**ABOUT THIS TASK**: Output all of the records again, exactly as written.
*** Opening DATA EXTRACT ***
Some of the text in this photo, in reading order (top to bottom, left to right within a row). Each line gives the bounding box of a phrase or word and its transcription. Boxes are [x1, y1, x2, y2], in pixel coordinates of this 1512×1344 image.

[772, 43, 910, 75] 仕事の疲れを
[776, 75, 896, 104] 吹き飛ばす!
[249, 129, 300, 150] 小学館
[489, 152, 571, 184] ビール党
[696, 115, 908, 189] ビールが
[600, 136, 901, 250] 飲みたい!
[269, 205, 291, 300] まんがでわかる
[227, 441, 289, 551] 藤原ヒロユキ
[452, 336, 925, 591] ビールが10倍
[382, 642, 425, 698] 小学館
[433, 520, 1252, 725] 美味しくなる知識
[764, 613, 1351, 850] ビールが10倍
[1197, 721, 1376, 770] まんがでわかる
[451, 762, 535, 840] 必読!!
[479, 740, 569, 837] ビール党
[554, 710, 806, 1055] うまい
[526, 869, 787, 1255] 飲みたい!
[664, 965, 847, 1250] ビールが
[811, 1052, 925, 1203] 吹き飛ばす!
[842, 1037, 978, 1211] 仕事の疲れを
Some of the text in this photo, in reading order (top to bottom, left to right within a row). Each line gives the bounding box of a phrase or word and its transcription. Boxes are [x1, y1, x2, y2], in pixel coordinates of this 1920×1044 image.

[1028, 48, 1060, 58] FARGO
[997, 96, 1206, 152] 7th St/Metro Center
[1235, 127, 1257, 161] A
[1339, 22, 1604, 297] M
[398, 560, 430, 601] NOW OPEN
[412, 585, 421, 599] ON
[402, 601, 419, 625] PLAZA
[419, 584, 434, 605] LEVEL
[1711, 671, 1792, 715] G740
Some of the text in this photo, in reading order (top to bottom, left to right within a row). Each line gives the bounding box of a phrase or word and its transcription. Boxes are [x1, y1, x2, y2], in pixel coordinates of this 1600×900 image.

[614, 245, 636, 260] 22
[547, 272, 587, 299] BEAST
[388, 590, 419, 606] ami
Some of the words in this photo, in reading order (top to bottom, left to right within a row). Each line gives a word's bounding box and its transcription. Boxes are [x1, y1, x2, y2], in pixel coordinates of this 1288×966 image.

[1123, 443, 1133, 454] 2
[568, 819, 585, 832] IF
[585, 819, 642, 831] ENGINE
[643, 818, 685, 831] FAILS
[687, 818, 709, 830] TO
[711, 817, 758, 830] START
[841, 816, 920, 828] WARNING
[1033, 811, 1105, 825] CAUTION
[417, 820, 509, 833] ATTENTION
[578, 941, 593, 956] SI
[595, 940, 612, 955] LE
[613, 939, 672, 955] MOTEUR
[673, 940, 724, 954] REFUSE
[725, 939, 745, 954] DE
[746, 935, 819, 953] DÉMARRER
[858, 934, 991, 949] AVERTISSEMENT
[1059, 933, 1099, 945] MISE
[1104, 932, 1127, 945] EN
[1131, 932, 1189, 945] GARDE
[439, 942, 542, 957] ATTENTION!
*** Closing DATA EXTRACT ***
**THE ANSWER**:
Some of the text in this photo, in reading order (top to bottom, left to right within a row). Each line gives the bounding box of a phrase or word and its transcription. Boxes are [x1, y1, x2, y2], in pixel coordinates of this 1512×1344 image.

[772, 43, 910, 75] 仕事の疲れを
[776, 75, 896, 104] 吹き飛ばす!
[249, 129, 300, 150] 小学館
[489, 152, 571, 184] ビール党
[696, 115, 908, 189] ビールが
[600, 136, 901, 250] 飲みたい!
[269, 205, 291, 300] まんがでわかる
[227, 441, 289, 551] 藤原ヒロユキ
[452, 336, 925, 591] ビールが10倍
[382, 642, 425, 698] 小学館
[433, 520, 1252, 725] 美味しくなる知識
[764, 613, 1351, 850] ビールが10倍
[1197, 721, 1376, 770] まんがでわかる
[451, 762, 535, 840] 必読!!
[479, 740, 569, 837] ビール党
[554, 710, 806, 1055] うまい
[526, 869, 787, 1255] 飲みたい!
[664, 965, 847, 1250] ビールが
[811, 1052, 925, 1203] 吹き飛ばす!
[842, 1037, 978, 1211] 仕事の疲れを
Some of the text in this photo, in reading order (top to bottom, left to right within a row). Each line gives the bounding box of a phrase or word and its transcription. Boxes are [x1, y1, x2, y2], in pixel coordinates of this 1920×1044 image.

[1028, 48, 1060, 58] FARGO
[997, 96, 1206, 152] 7th St/Metro Center
[1235, 127, 1257, 161] A
[1339, 22, 1604, 297] M
[398, 560, 430, 601] NOW OPEN
[412, 585, 421, 599] ON
[402, 601, 419, 625] PLAZA
[419, 584, 434, 605] LEVEL
[1711, 671, 1792, 715] G740
Some of the text in this photo, in reading order (top to bottom, left to right within a row). Each line gives the bounding box of a phrase or word and its transcription. Boxes are [x1, y1, x2, y2], in pixel coordinates of this 1600×900 image.

[614, 245, 636, 260] 22
[547, 272, 587, 299] BEAST
[388, 590, 419, 606] ami
Some of the words in this photo, in reading order (top to bottom, left to right within a row). Each line gives a word's bounding box and its transcription. Boxes are [x1, y1, x2, y2], in pixel coordinates of this 1288×966 image.

[1123, 443, 1133, 454] 2
[568, 819, 585, 832] IF
[585, 819, 642, 831] ENGINE
[643, 818, 685, 831] FAILS
[687, 818, 709, 830] TO
[711, 817, 758, 830] START
[841, 816, 920, 828] WARNING
[1033, 811, 1105, 825] CAUTION
[417, 820, 509, 833] ATTENTION
[578, 941, 593, 956] SI
[595, 940, 612, 955] LE
[613, 939, 672, 955] MOTEUR
[673, 940, 724, 954] REFUSE
[725, 939, 745, 954] DE
[746, 935, 819, 953] DÉMARRER
[858, 934, 991, 949] AVERTISSEMENT
[1059, 933, 1099, 945] MISE
[1104, 932, 1127, 945] EN
[1131, 932, 1189, 945] GARDE
[439, 942, 542, 957] ATTENTION!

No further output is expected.